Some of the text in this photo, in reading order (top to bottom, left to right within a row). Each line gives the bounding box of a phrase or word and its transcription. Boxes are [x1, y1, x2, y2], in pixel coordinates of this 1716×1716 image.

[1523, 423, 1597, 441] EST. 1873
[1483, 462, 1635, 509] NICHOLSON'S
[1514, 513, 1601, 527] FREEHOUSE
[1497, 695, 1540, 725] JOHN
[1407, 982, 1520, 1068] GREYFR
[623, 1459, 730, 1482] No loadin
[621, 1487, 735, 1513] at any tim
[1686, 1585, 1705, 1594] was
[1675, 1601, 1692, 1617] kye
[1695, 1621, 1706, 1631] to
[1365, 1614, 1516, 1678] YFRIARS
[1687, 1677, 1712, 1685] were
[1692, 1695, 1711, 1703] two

____

• [TASK REQUIREMENTS]:
From the data above, copy each line exactly.

• [ANSWER TO THE EXERCISE]:
Some of the text in this photo, in reading order (top to bottom, left to right within a row). Each line gives the bounding box of a phrase or word and its transcription. Boxes are [x1, y1, x2, y2], in pixel coordinates of this 1716×1716 image.

[1523, 423, 1597, 441] EST. 1873
[1483, 462, 1635, 509] NICHOLSON'S
[1514, 513, 1601, 527] FREEHOUSE
[1497, 695, 1540, 725] JOHN
[1407, 982, 1520, 1068] GREYFR
[623, 1459, 730, 1482] No loadin
[621, 1487, 735, 1513] at any tim
[1686, 1585, 1705, 1594] was
[1675, 1601, 1692, 1617] kye
[1695, 1621, 1706, 1631] to
[1365, 1614, 1516, 1678] YFRIARS
[1687, 1677, 1712, 1685] were
[1692, 1695, 1711, 1703] two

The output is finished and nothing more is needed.